制御盤用クーラーの役割

極端に高温、低温な環境は電気機器の誤作動の原因になったり、電気機器の寿命を縮める原因となったりしてしまいます。一般的に、制御盤の内部は経済面も考慮すると35℃程度までが適切であると言われています。

しかし収納された電気機器からの発熱により、制御盤の内部は高温になりがちです。そこで必要になってくるのが制御盤内の温度管理です。ここでは制御盤に使用するクーラーについてご紹介します。

制御盤用クーラーの種類

制御盤に使用されるクーラーは設置する場所によって、大きく2種類に分類されます。制御盤の上に設置するルーフ型と、制御盤の壁面に設置するウォール型です。制御盤を設置する周囲のスペースによって、2つの種類を使い分けます。

ウォール取り付け型クーラー

制御盤の扉や側面などに穴を開けて取り付けます。制御盤の扉や側板を丸ごとクーラーユニットに交換できるタイプもあります。制御盤の周囲のスペースにある程度の余裕が必要になります。制御盤内部に余裕がある場合は、埋め込んで取り付けることができるものを選ぶことも可能です。

ルーフ取り付け型クーラー

ルーフという名前の通り、制御盤の天井に取り付けるクーラーです。制御盤の周囲に余裕がなく、制御盤の天面から天井までの間にスペースの余裕があるときに使います。

制御盤用クーラーの冷却方式について

制御盤用クーラーの種類は設置される場所で2種類に分けられましたが、冷却方式によってさらに細かく分類することができます。ここではクーラーの冷却方式についてご紹介します。

コンプレッサー式クーラー

コンプレッサーで冷媒を圧縮・膨張させることで生じる温度差を利用して冷却するクーラーです。仕組みとしては一般的なクーラーや冷蔵庫などと同じになります。

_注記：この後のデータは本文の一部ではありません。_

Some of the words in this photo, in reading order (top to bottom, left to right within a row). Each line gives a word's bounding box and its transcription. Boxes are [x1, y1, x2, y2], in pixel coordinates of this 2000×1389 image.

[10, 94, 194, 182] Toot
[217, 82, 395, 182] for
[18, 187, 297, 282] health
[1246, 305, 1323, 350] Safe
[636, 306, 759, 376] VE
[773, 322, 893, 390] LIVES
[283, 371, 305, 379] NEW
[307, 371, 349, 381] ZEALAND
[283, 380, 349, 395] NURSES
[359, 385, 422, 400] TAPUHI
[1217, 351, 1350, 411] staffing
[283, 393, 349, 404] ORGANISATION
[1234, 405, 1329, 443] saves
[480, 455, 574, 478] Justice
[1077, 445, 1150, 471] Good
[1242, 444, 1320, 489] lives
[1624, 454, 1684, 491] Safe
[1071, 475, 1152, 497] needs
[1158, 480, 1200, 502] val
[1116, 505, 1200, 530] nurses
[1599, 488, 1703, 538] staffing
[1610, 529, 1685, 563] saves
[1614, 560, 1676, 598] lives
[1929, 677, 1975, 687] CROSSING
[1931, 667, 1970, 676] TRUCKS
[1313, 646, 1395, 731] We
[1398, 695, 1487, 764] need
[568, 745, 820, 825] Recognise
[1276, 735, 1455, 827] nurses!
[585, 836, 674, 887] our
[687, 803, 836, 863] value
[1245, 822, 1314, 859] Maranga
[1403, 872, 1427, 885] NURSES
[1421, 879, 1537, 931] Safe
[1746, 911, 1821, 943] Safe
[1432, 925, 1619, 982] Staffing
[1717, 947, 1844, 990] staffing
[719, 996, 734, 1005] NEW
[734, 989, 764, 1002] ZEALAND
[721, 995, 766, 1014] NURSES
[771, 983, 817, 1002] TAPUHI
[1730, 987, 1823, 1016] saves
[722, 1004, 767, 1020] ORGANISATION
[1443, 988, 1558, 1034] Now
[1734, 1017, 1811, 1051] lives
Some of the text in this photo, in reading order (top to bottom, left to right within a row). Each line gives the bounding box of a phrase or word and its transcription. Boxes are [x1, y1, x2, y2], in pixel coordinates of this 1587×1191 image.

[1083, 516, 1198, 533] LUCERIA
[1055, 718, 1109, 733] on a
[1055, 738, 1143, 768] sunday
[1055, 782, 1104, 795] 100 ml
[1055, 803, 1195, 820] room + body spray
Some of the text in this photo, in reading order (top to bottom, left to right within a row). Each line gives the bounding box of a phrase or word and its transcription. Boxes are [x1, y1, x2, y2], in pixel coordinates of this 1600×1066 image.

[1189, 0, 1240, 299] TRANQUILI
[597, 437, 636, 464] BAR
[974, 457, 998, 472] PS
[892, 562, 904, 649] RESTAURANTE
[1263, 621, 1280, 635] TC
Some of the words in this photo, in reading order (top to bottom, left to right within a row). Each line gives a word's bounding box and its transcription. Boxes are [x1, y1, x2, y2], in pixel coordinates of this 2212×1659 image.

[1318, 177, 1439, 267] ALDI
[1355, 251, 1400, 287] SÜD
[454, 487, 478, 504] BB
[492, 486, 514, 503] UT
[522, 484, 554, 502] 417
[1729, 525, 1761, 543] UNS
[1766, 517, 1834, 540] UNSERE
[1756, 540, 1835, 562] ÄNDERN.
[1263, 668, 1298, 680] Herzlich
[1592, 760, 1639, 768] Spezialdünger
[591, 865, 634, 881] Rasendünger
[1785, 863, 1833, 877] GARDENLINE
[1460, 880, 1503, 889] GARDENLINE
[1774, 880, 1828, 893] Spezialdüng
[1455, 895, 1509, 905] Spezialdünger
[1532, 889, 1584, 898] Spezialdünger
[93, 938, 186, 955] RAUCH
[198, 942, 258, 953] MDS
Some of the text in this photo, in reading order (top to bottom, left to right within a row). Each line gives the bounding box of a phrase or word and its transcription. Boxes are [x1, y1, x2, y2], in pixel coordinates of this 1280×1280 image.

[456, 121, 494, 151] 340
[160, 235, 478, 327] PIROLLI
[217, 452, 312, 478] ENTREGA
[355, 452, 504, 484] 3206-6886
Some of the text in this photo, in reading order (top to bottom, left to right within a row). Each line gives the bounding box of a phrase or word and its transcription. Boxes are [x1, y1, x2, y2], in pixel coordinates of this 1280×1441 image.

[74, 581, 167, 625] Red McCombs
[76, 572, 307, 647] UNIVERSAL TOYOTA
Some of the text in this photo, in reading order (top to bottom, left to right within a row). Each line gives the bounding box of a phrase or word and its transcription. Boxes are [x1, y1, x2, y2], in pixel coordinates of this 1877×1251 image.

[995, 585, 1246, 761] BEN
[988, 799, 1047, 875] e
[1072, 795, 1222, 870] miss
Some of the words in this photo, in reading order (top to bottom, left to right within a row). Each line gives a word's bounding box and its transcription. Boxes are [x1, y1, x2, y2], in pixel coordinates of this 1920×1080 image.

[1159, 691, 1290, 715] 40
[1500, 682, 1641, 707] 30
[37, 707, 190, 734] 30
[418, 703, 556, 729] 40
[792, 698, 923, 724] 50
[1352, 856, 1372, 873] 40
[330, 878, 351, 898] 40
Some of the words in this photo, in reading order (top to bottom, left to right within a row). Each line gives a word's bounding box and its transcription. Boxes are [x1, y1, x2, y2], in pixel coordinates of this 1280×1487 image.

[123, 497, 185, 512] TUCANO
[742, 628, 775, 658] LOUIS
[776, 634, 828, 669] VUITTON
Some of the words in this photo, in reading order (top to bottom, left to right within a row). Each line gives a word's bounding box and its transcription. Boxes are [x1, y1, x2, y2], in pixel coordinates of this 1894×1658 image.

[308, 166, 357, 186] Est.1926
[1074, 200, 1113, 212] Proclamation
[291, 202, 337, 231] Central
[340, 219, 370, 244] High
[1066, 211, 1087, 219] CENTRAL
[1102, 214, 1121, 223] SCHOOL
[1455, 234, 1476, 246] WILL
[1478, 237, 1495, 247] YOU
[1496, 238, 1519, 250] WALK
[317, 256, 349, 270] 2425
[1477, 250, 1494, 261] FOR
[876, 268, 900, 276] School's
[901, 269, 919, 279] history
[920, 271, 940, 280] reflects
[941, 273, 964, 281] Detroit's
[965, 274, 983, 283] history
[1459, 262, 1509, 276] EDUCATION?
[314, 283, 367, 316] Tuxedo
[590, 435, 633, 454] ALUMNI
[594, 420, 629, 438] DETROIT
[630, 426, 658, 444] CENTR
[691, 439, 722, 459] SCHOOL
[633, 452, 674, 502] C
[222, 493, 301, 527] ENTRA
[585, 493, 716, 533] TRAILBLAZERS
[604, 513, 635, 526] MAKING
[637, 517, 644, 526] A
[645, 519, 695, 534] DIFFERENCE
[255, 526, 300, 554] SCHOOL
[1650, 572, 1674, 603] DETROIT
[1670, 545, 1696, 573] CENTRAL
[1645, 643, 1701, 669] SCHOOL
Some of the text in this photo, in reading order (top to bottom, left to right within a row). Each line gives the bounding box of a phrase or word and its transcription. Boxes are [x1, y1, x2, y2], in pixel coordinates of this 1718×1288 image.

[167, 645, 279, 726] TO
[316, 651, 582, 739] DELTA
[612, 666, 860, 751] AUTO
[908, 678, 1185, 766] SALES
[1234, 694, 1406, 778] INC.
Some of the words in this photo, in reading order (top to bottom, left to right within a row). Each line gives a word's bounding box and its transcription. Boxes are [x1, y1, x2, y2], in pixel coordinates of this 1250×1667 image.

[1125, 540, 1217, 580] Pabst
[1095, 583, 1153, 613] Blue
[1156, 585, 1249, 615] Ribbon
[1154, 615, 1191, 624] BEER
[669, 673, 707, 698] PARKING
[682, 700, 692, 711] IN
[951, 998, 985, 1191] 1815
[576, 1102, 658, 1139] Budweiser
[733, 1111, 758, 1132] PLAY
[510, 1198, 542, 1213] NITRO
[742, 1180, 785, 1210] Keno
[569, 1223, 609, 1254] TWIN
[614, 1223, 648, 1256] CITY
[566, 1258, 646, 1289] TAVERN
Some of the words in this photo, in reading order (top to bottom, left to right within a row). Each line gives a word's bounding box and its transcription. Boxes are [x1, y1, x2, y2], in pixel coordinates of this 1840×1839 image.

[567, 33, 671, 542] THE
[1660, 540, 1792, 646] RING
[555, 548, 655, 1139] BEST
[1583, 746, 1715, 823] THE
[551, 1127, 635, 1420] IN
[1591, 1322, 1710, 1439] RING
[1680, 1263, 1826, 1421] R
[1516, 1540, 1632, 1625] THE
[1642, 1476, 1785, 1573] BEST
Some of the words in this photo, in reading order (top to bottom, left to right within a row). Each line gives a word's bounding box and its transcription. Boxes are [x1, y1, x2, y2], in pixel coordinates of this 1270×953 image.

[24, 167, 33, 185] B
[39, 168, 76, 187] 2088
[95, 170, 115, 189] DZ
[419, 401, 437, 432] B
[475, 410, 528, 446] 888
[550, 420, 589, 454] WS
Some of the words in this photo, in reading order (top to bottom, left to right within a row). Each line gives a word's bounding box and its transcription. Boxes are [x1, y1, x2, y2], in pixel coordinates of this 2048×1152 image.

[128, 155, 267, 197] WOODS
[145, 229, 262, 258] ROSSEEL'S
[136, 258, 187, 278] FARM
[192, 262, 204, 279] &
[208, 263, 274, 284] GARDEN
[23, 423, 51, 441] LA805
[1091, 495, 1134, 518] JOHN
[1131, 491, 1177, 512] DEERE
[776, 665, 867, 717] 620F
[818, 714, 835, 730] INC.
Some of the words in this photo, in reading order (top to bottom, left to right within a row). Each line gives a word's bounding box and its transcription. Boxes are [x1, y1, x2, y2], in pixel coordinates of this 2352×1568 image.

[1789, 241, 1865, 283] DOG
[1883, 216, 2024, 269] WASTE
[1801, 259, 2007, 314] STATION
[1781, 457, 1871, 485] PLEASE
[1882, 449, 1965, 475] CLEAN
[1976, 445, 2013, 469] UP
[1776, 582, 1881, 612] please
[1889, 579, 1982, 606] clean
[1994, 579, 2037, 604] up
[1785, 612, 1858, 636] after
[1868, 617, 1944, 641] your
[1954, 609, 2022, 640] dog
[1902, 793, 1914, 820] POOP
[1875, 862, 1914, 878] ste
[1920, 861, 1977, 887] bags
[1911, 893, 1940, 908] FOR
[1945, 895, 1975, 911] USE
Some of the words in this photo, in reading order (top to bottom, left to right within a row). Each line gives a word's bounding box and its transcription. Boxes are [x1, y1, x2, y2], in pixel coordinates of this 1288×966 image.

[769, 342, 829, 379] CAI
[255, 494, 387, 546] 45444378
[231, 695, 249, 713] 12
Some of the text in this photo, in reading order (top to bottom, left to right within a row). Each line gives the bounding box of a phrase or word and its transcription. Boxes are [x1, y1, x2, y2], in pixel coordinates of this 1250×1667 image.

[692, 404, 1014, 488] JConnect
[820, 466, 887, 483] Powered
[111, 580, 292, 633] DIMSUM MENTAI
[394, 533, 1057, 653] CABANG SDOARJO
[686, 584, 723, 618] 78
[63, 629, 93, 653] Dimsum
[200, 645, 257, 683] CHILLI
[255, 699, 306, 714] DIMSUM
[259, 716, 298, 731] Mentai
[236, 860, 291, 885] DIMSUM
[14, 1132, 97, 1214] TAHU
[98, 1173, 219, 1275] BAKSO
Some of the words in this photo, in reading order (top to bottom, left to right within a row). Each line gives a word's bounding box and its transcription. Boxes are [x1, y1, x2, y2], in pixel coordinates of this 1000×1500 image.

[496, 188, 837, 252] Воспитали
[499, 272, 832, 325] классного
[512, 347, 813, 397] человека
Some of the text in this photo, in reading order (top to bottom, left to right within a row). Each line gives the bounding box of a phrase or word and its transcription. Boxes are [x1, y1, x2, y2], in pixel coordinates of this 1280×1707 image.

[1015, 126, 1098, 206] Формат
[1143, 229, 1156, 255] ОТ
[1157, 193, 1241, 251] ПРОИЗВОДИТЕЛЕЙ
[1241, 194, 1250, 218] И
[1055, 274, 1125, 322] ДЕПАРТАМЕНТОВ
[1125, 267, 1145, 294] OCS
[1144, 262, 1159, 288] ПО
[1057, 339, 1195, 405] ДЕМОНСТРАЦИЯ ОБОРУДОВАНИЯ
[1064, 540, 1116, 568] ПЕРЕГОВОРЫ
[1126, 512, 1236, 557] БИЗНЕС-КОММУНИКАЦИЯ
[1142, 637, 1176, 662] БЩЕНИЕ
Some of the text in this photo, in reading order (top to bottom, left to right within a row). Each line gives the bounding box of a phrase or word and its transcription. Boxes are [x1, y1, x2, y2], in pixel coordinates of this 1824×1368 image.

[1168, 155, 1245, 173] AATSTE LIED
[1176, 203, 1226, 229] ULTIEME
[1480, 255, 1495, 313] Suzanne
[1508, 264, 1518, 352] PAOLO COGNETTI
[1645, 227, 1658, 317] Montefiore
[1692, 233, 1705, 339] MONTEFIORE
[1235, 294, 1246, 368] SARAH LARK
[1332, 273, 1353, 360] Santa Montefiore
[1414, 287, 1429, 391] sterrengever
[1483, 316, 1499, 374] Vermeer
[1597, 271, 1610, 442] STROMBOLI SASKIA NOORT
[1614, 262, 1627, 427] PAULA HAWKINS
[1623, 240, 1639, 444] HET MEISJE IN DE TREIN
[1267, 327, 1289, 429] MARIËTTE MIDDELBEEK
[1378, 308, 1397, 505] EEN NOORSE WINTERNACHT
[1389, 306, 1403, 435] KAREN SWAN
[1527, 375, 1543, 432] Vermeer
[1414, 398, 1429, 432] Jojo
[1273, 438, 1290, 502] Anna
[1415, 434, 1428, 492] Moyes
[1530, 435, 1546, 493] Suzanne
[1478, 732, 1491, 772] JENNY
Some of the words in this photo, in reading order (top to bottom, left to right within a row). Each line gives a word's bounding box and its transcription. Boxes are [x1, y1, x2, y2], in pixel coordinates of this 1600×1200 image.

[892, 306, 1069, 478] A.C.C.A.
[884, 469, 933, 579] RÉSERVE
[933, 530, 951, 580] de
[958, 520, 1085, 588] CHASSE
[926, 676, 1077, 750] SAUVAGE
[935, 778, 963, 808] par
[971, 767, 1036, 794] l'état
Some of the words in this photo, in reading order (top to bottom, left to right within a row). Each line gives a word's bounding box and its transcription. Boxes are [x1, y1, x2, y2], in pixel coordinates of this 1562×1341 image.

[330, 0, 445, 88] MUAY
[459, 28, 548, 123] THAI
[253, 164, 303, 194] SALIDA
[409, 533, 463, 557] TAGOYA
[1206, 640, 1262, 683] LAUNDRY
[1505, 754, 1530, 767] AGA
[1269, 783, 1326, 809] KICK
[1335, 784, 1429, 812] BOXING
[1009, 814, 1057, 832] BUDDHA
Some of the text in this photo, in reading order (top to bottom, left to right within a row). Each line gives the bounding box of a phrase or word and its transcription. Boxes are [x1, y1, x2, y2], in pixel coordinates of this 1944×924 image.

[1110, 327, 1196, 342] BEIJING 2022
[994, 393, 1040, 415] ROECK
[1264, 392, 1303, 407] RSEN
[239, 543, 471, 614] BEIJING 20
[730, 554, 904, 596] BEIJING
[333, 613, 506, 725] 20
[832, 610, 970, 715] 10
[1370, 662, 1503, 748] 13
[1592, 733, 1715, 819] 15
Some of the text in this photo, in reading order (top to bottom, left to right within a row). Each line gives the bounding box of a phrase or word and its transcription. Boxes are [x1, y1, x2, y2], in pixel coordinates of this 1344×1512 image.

設定温度が簡単に変更できるほか、キャビネット内の温度が想定を上回って上昇した時などに警告や警報を発する機能をなども備えているのが特長です。また他の方法に比べ、冷却効率が高いことも特長として挙げることができます。冷媒としてフロンや代替フロンを使用していない環境対応タイプもありますので、設置の際には冷媒の種類などにも着目し、目的に合ったものを選びましょう。

電子式(ペルチェ)クーラー

電気を流すと低温側と高温側が生じる半導体(ペルチェ素子)を利用したクーラーです。この低温側に風を当てることで空気を冷却し、キャビネット内部の温度を下げます。半導体に電気を流すだけという単純な構造のため、小型化が可能であることや、音や振動を発生しないことが特長です。一方でコンプレッサー式に比べ冷却効率が低いことや、半導体そのものが過熱してしまうと冷却が得られなくなってしまうため、半導体そのものの冷却についても考慮する必要があります。

水冷式クーラー(熱交換器)

冷却に水を使用した熱交換器です。チラーやクーリングタワーなどの温まった冷却水を再冷却する機器と併せて使用します。外部から空気を取り込んだりする必要がないため、クリーンルームの内部のように埃を立てることができない環境や、逆に粉塵環境下などで外部の空気をキャビネット内に取り込むことができない環境などに使用することができます。

冷却水を循環させる必要があるため、装置が大掛かりになりますが、ランニングコストが低いことなども特長として挙げることができます。

制御盤の正常な動作のために必要なクーラー。内部の電気機器の排熱や、周囲の環境に合わせて適したものを選ぶようにしましょう。また省エネ対応のクーラーもありますので、選定の際に考慮することで経費削減につながる可能性もあります。